If there is a constant in nature, that is change.
We are designed to relentlessly transform. So, to stay the same, we must exert a force against the natural flow of life.
A life spent resisting changes creates a constant subtle tension. One that we may not notice on an average day but that, on the long distance, will take a toll on us.
When inevitable changes come our way, we have no energy left neither to resist nor to adapt.
Just to make things clear, I have no data to back up my theories and no evidence except for personal experience. But, observing this pattern in my family made me think. It also gave me a new perspective to look at some events in my life.
Life is a series of natural and spontaneous changes. Don’t resist them-that only creates sorrow. Let reality be reality. Let things flow naturally forward in whatever way they like. — Lao Tzu
I grew up fearing changes and new things.
For the first three decades of my life, I have avoided new experiences as much as I could. I kept eating the same stuff, listening to the same music, going out with the same people.
I was boringly predictable. And you know what? Family and friends loved me for that. I was a fixed point in their lives. At least this is what I thought at that time.
My ex-wife loved that side of me too. I was undoubtedly an immutable partner.
Too much with hindsight. During our years together, while she kept growing and changing, I kept being the same twenty-year-old-guy she had fallen in love with. Those different approaches to life created a growing distance between us.

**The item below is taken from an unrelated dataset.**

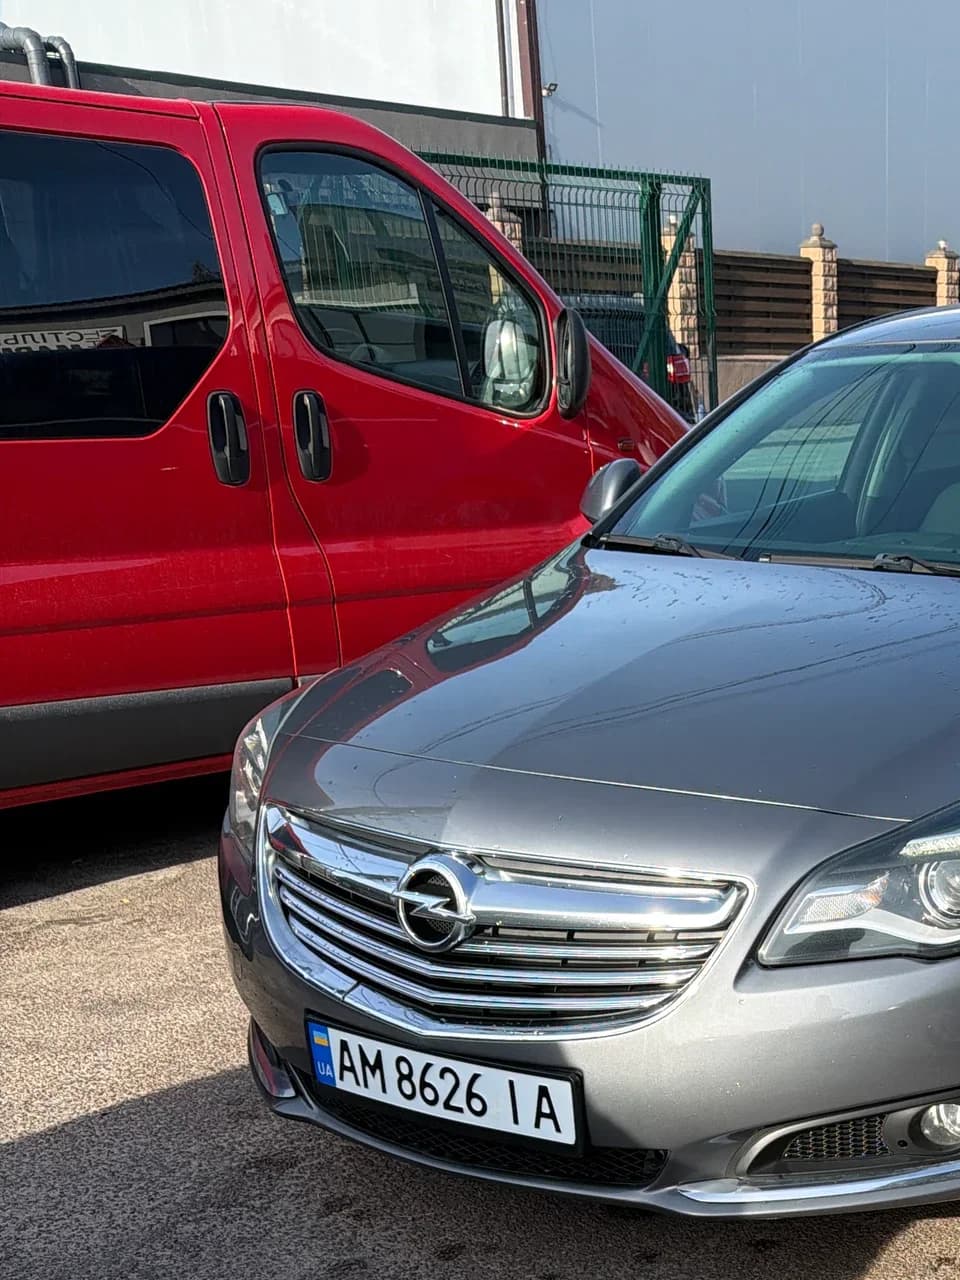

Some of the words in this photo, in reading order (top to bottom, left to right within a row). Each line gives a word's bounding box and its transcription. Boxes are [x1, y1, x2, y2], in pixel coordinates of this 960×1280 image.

When that distance became unbearable, a significant change was necessary. Unfortunately, I was stuck in my stability. I didn’t have the energy to change or to resist, and we fell apart.
It was painful. And liberating.
With nothing left to hold together, I found the strength to surrender to change and embrace the transformation.
In the years after, with the help of beautiful friends and masters, I found new stability within constant changes. One that is helping me live in harmony with the universe and the people I love.
In closing, I can’t prove my theory with sound statistics. Though, I believe that being able to transform and change is vital and can make us live longer and better.
So, I don’t know about you, but I’ll keep changing often.
Just in case.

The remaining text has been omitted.